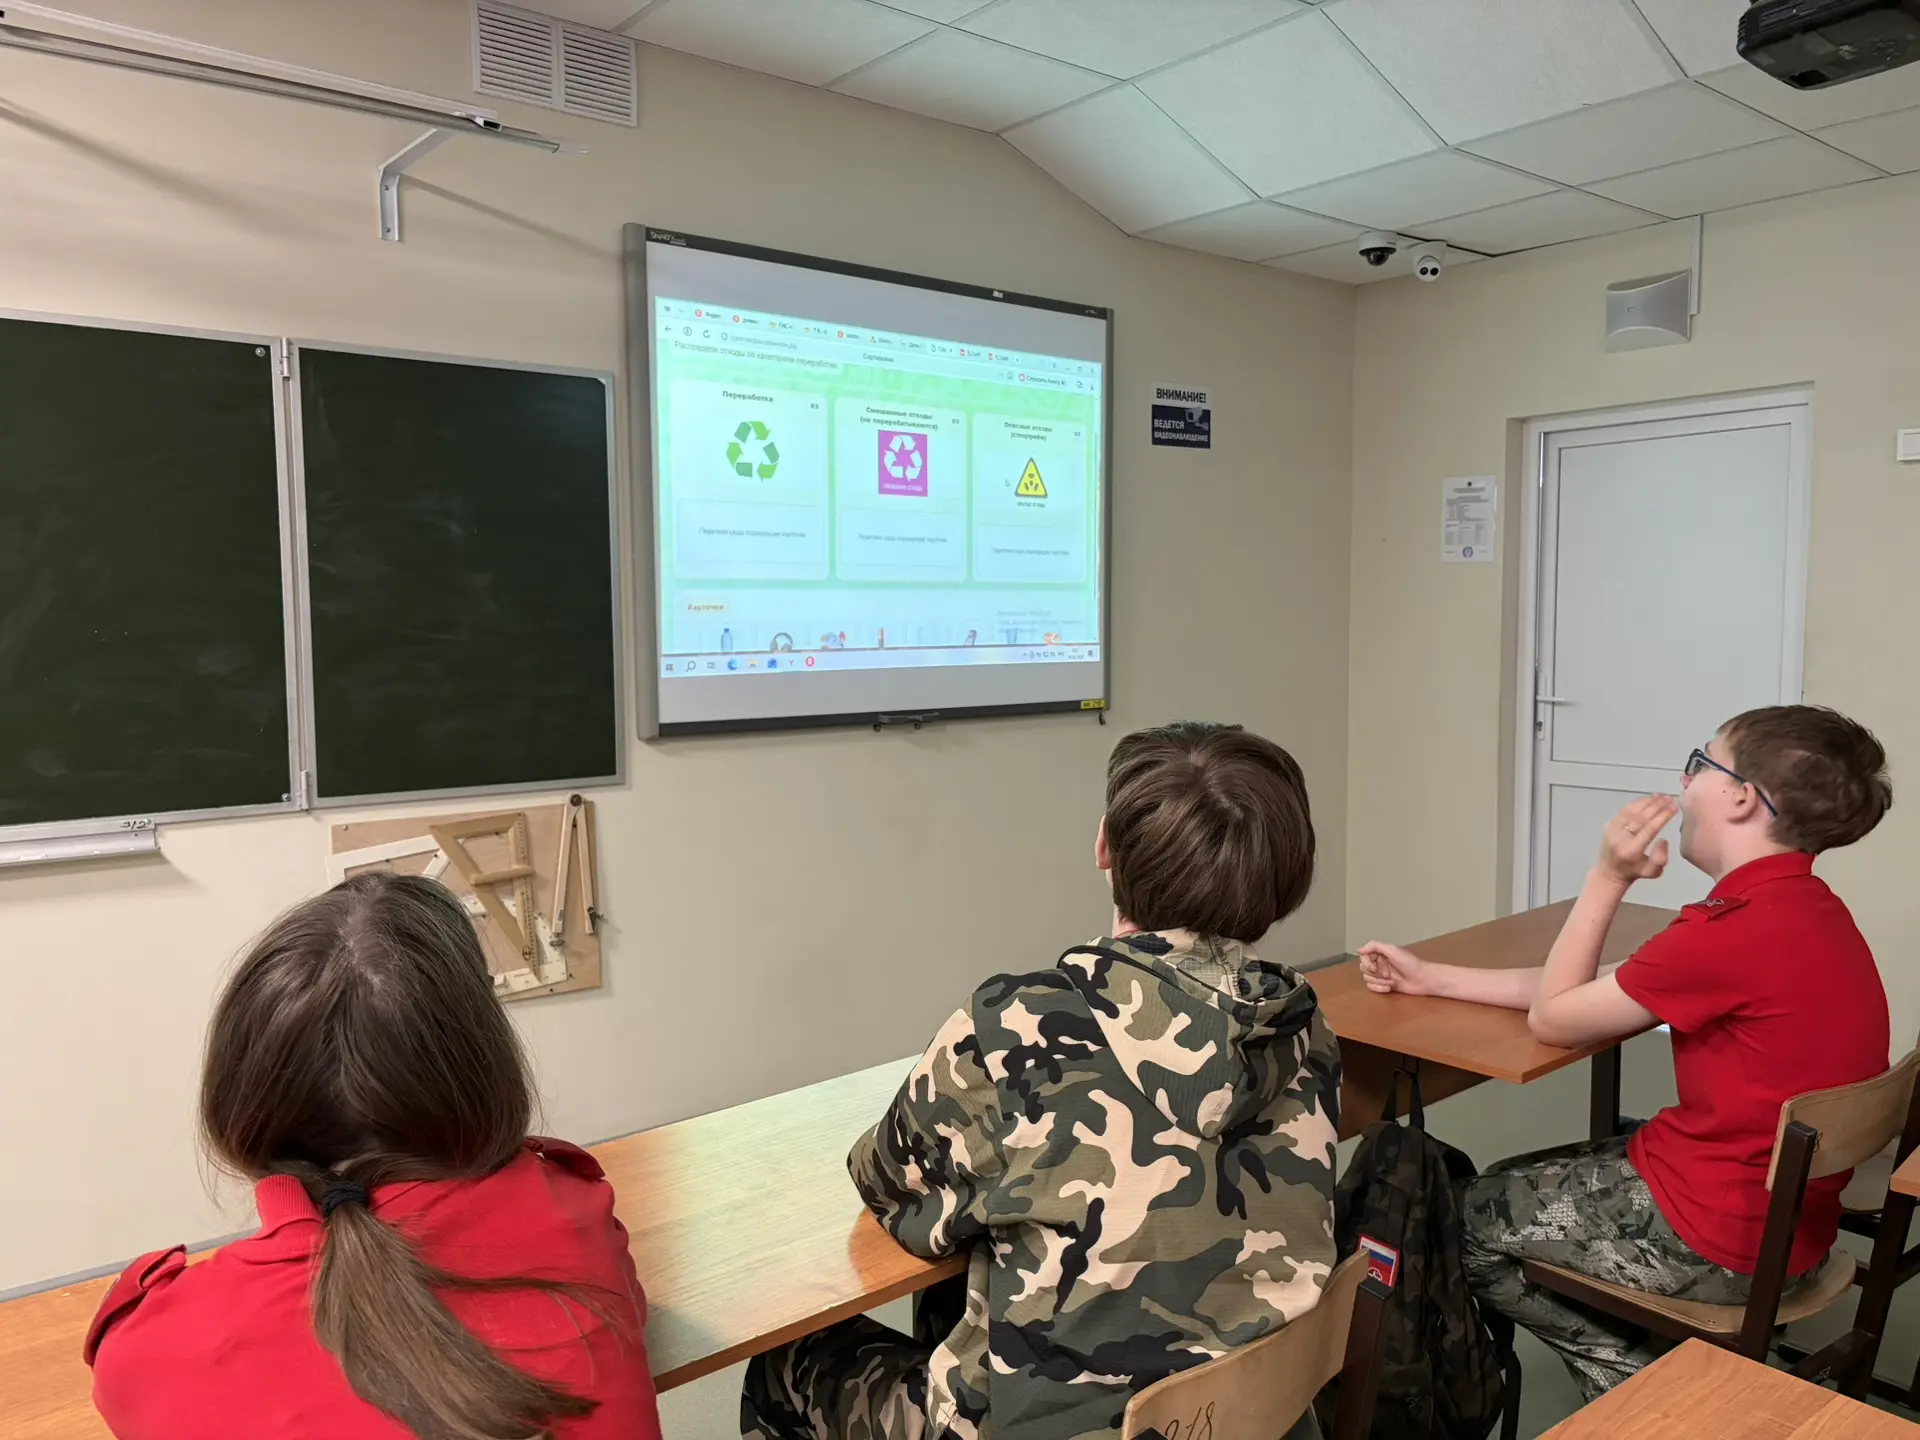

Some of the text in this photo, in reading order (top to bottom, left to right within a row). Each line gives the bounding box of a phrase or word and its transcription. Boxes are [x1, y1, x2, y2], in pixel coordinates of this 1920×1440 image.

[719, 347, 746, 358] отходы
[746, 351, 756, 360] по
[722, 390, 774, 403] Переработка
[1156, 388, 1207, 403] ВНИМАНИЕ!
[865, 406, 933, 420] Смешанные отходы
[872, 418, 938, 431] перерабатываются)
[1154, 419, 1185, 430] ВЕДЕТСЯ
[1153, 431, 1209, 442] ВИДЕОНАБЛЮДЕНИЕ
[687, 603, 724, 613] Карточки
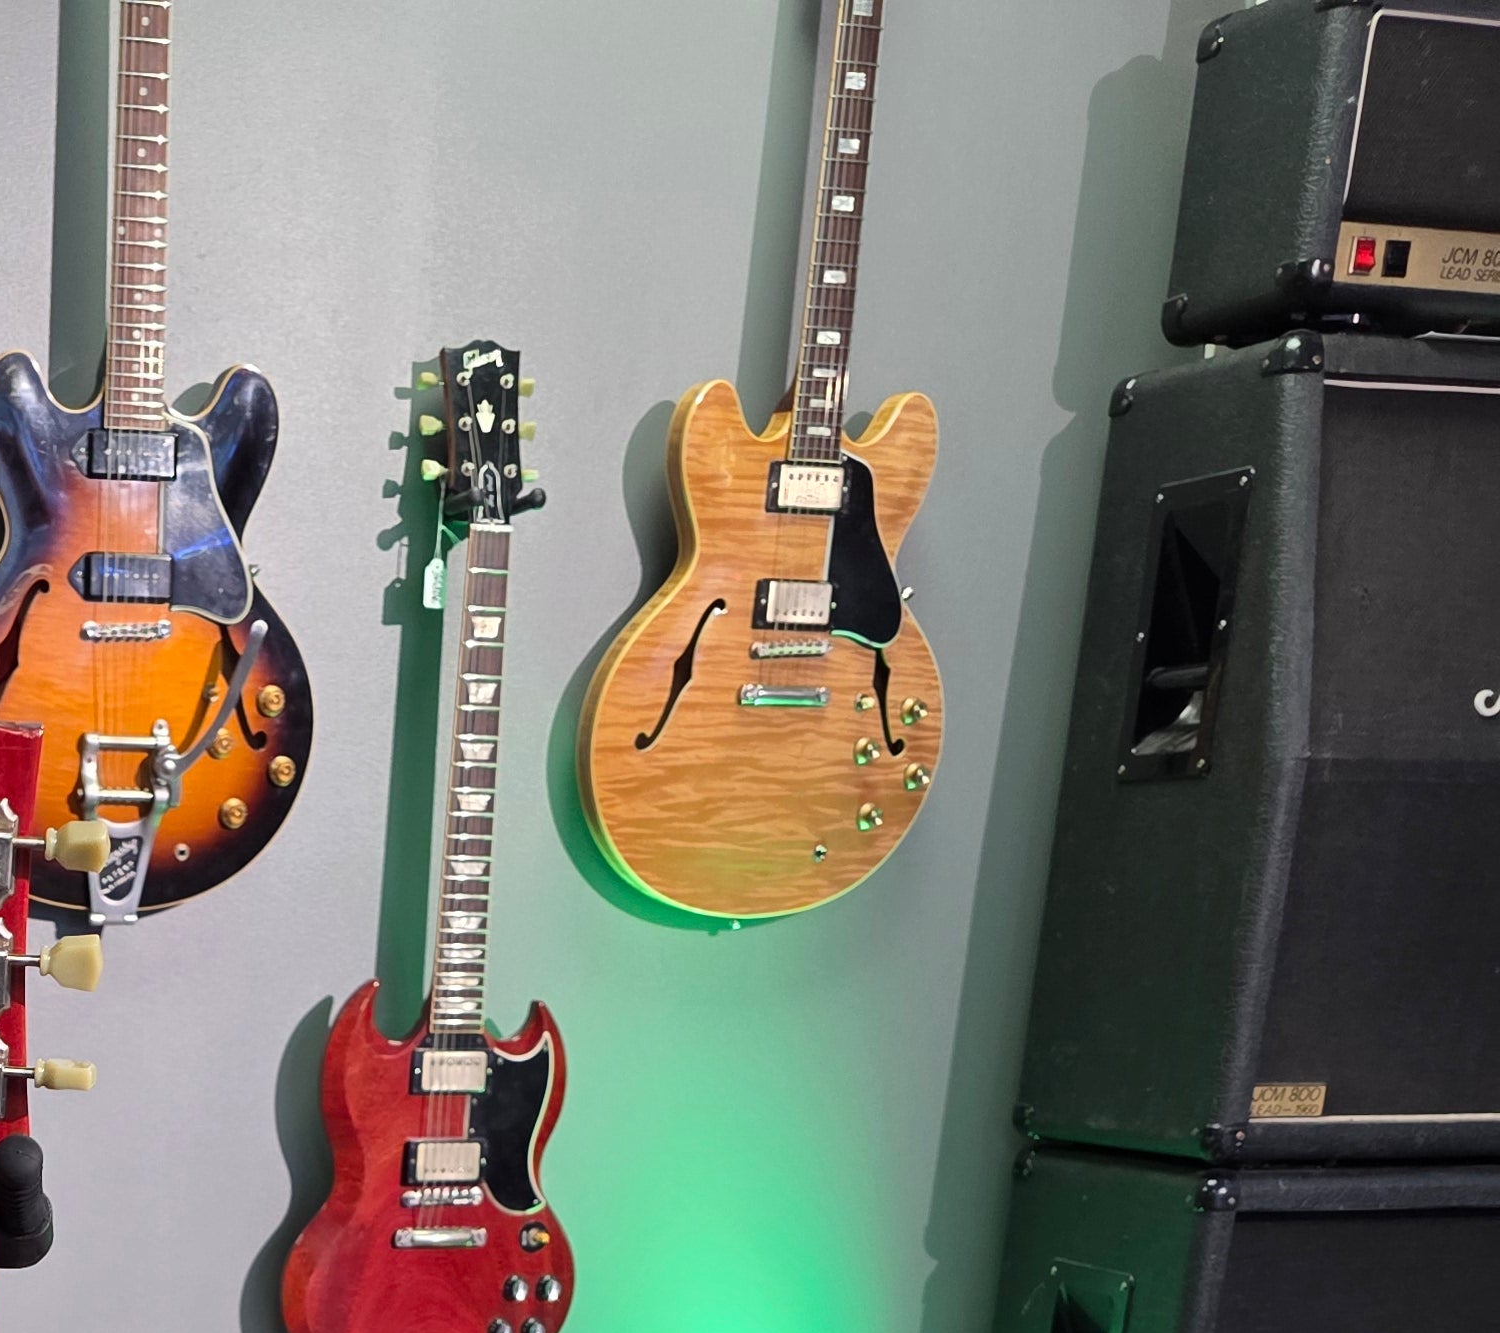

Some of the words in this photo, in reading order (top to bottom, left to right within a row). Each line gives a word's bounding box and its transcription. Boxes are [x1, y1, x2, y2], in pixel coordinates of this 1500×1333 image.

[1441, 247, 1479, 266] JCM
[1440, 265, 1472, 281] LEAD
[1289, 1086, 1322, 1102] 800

---

**INSTRUCTIONS TO FOLLOW**
Set the listing down in full and exactly. Pictures within it should not appear in the copy.

**YOUR RESPONSE**
Some of the text in this photo, in reading order (top to bottom, left to right within a row). Each line gives the bounding box of a phrase or word and its transcription. Boxes are [x1, y1, x2, y2], in pixel coordinates of this 1920×1440 image.

[719, 347, 746, 358] отходы
[746, 351, 756, 360] по
[722, 390, 774, 403] Переработка
[1156, 388, 1207, 403] ВНИМАНИЕ!
[865, 406, 933, 420] Смешанные отходы
[872, 418, 938, 431] перерабатываются)
[1154, 419, 1185, 430] ВЕДЕТСЯ
[1153, 431, 1209, 442] ВИДЕОНАБЛЮДЕНИЕ
[687, 603, 724, 613] Карточки

Some of the words in this photo, in reading order (top to bottom, left to right within a row). Each line gives a word's bounding box and its transcription. Boxes are [x1, y1, x2, y2], in pixel coordinates of this 1500×1333 image.

[1441, 247, 1479, 266] JCM
[1440, 265, 1472, 281] LEAD
[1289, 1086, 1322, 1102] 800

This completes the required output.